3. The Salad CornerAmoy Street Food Centre, 01-41, Tel 9853409  


This is my third favourite place, mainly because it is great value (~5SGD), has a good mixture of salad options and of course it is tasty! When I come here I usually keep it vegetarian as the meat/fish are mostly processed. For protein I opt for a mixture of egg, red kidney beans/chick peas, with a topping of sunflower/pumpkin seeds. You can ask for dressing to be separate but sometimes I just ask for a small amount of balsamic vinegar and olive oil (as you can see in the photo covering some of the broccoli). I have only ever been to this salad corner but there are others at Market Street Food Centre 01-10, 03-20, and Tanjong Pagar Plaza, 01-04.                 

I came here a lot with my work colleagues and it was my saviour among a lot of unhealthy places. When I say unhealthy I don’t mean bad places just that they are places I don’t want to eat at on a daily basis but you can get a great green thai curry and there is an amazing Costa Rican food stall called Macacitas, 01-50 which serves a great Chimichurri avocado salad and it can be made healthier by requesting no added sauces or fried bread on top.

4. Thunder Tea Rice Food stall, Lau Pat Sat, 048582, Tel 97669543


Thunder Tea Rice is a bit like marmite, you’ll either love it or hate it but thankfully I LOVE IT! Thunder Tea Rice is a mixture of brown rice, diced vegetables and tofu with toasted peanuts and anchovies and to add to this you get a bowl of tea soup which you pour on top of it!! It may sound strange, especially if you have a Western palette but somehow it just works and it is amazing! It is definitely worth a try!

There is a Macacitas food stall in Lau Pa Sat and another food stall called Wok Ok serves a good stir fry but my only issue with this place is that there is a lot of salt/MSG added, and every time I ask not to add any it just doesn’t happen so I’ve stopped going there. There are a few food stalls such as Jason that have Yong Tau Foo – here you choose your ingredients and put them in a bowl and they are then cooked for you. Yong Tau Foo can be made super health by going mainly for heathy ingredients such as broccoli, mushrooms, eggs etc and avoiding the battered/breaded ingredients. It can be served dry or as a soup. I don’t love it but that’s personal choice and it is worth a try as you can experiment with the ingredients.

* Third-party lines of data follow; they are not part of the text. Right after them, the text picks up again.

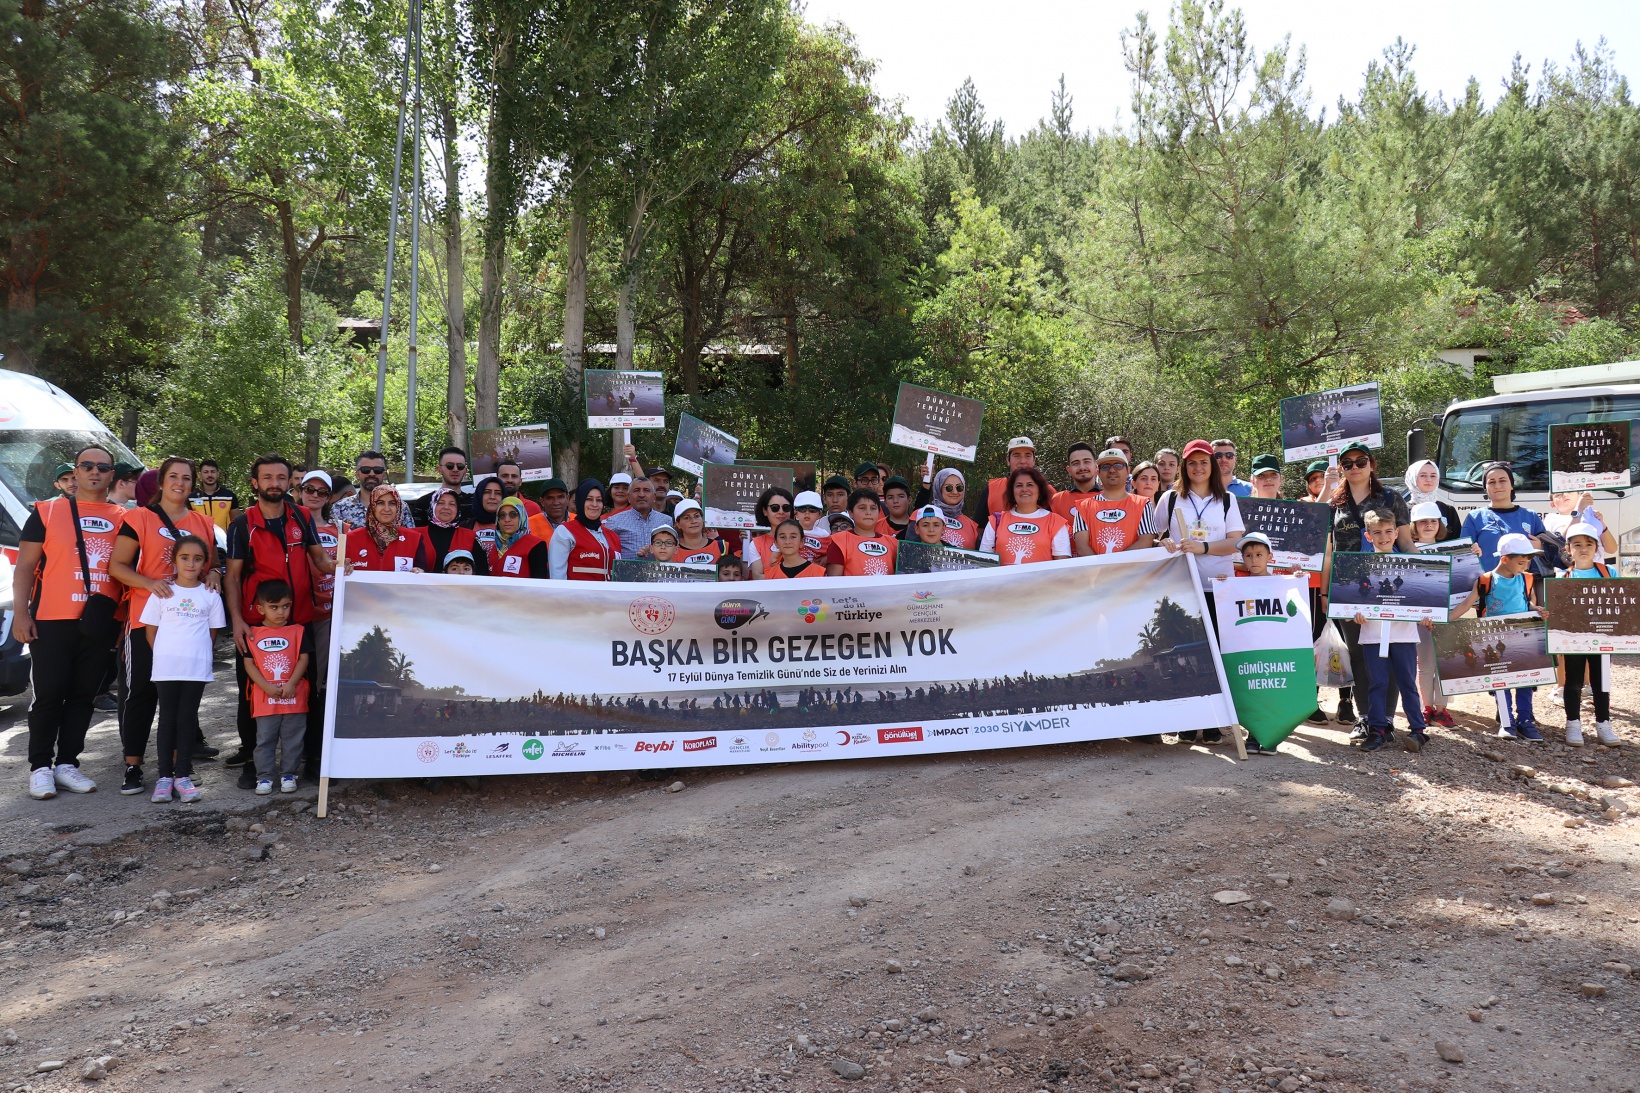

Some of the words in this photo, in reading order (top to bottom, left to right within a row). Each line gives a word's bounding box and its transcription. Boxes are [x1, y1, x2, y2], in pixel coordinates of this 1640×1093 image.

[926, 395, 956, 408] DÜNYA
[917, 402, 962, 418] TEMİZLİK
[926, 413, 950, 424] GÜNÜ
[1575, 429, 1604, 438] DÜNYA
[1568, 439, 1612, 448] TEMİZLİK
[1578, 447, 1601, 456] GÜNÜ
[733, 472, 764, 480] DÜNYA
[724, 481, 772, 489] TEMİZLİK
[736, 490, 760, 498] GÜNÜ
[1258, 504, 1295, 514] DÜNYA
[83, 519, 103, 527] TEMA
[1247, 514, 1304, 525] TEMİZLİK
[1259, 524, 1289, 533] GÜNÜ
[864, 543, 881, 551] TEMA
[1582, 585, 1624, 594] DÜNYA
[1572, 596, 1636, 605] TEMİZLİK
[906, 603, 944, 611] GÜMÜŞHANE
[1235, 598, 1283, 617] TEMA
[1588, 606, 1620, 615] GÜNÜ
[720, 615, 737, 624] GÜNÜ
[835, 610, 882, 622] Türkiye
[909, 616, 941, 624] MERKEZLERİ
[1476, 619, 1506, 628] DÜNYA
[1469, 625, 1515, 636] TEMİZLİK
[611, 638, 704, 673] BAŞKA
[712, 630, 760, 665] BİR
[768, 631, 892, 663] GEZEGEN
[900, 628, 957, 656] YOK
[1238, 661, 1296, 676] GÜMÜŞHANE
[668, 673, 677, 682] 17
[679, 671, 702, 684] Eylül
[705, 671, 734, 683] Dünya
[737, 669, 775, 681] Temizlik
[777, 667, 821, 680] Günü'nde
[823, 666, 837, 677] Siz
[840, 667, 851, 676] de
[853, 664, 887, 676] Yerinizi
[890, 664, 907, 674] Alın
[1247, 677, 1287, 690] MERKEZ
[933, 726, 970, 736] IMPACT
[974, 724, 1000, 733] 2030
[634, 740, 675, 754] Beybi
[684, 738, 716, 750] KOROPLAST
[791, 741, 829, 750] Abilitypool

5. Sarnies, 136 Telok Ayer Street, 068601 and My Awesome Cafe, 202 Telok Ayer Street, Tel 62222007 

I couldn’t decide between these two so I had to put them both up as they are equally amazing!! The reason why they are not higher up in the rank is because the salads are pricier than the others (~16-19 SGD). Sarnies, have great salad options that range from Moroccan chicken, chicken pesto, haloumi, and a paleo steak salad. They also have bullet proof coffee that is made with coconut oil and butter. It tastes pretty good and I like a cup if I am meeting someone for a long lunch and want to order something after! My awesome vegetarian salad is packed with peppers, eggplant, egg, tomato, avocado with brie or goat’s cheese. it is served with a small piece of pesto covered crusty bread. It is the best vegetarian salad I can think of here and is a really big portion size! There are lots of other meat salads and sandwich options too!

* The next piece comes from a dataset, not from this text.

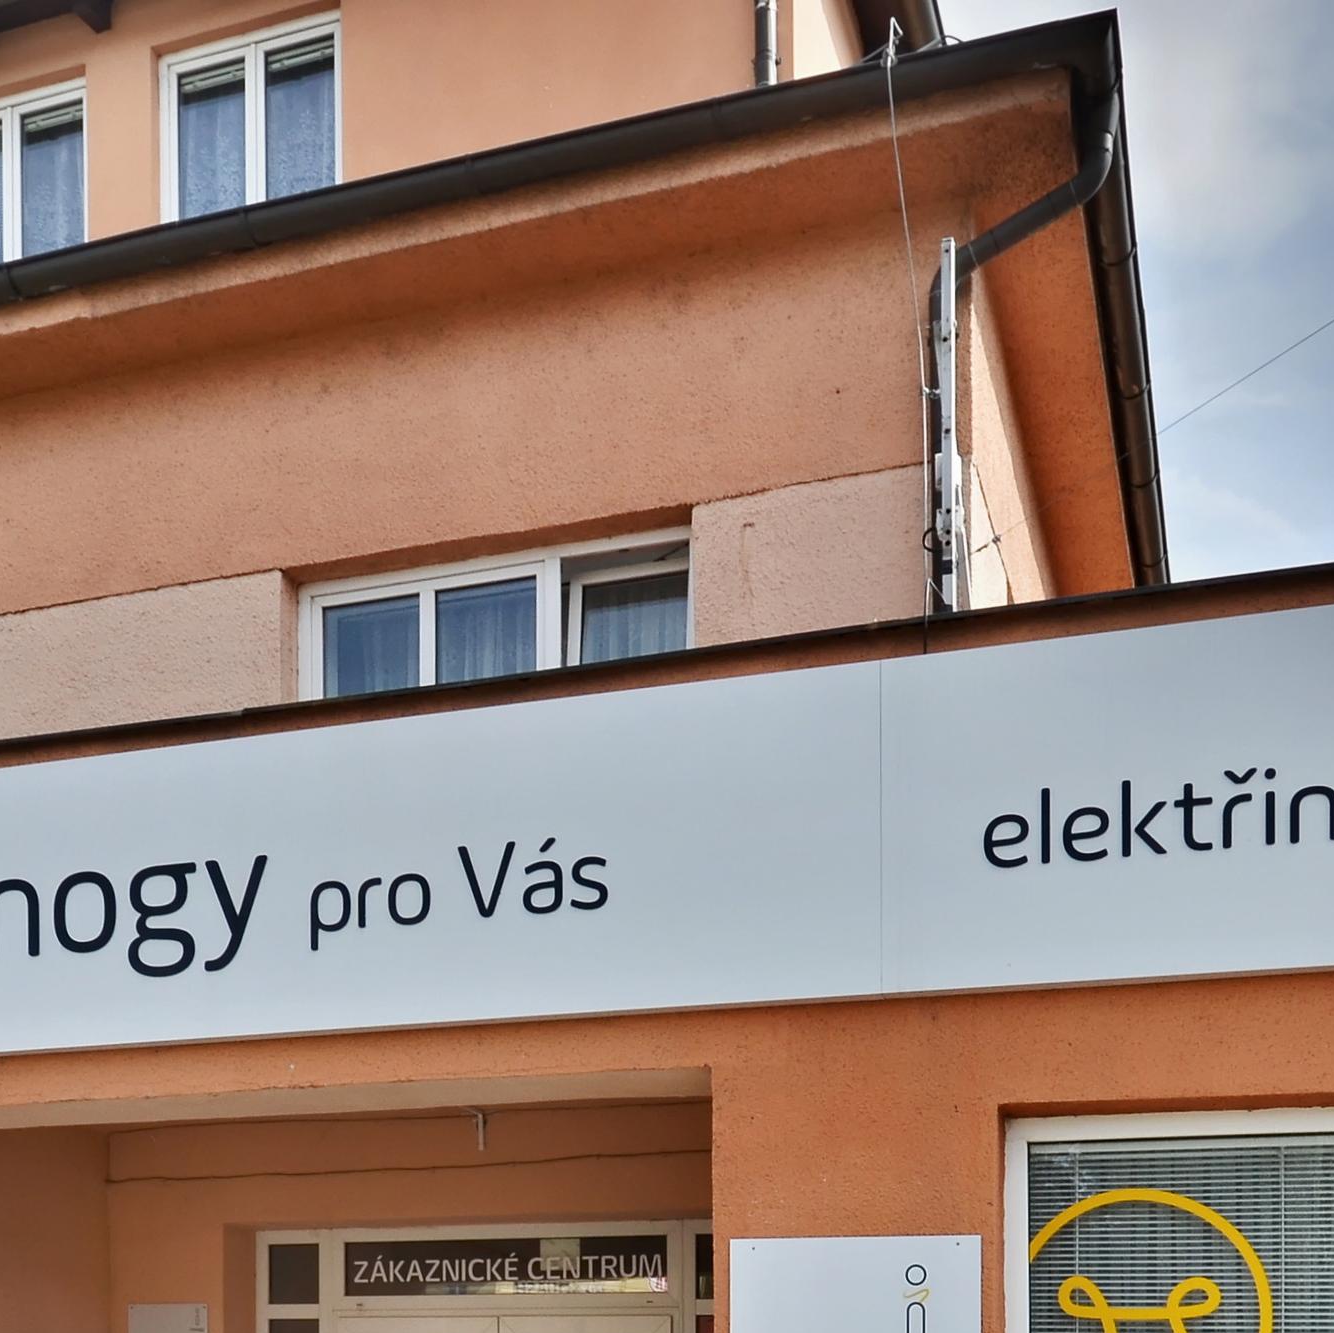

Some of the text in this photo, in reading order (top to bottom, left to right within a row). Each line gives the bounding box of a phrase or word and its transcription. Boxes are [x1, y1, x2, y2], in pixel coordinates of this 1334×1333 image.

[310, 873, 431, 952] pro
[457, 837, 609, 919] Vás
[353, 1253, 663, 1284] ZÁKAZNICKÉ CENTRUM

One other place I have heard great reports about is the Daily Cut located at One Raffles Place. It is just a bit too far from where I work but my friend sent me this photo and it looks pretty good – steak, sweet potato, avocado, edamame beans with a sous-vide egg, yum!


So that’s my round-up and I really hope this gives some good tips on places to go for lunch!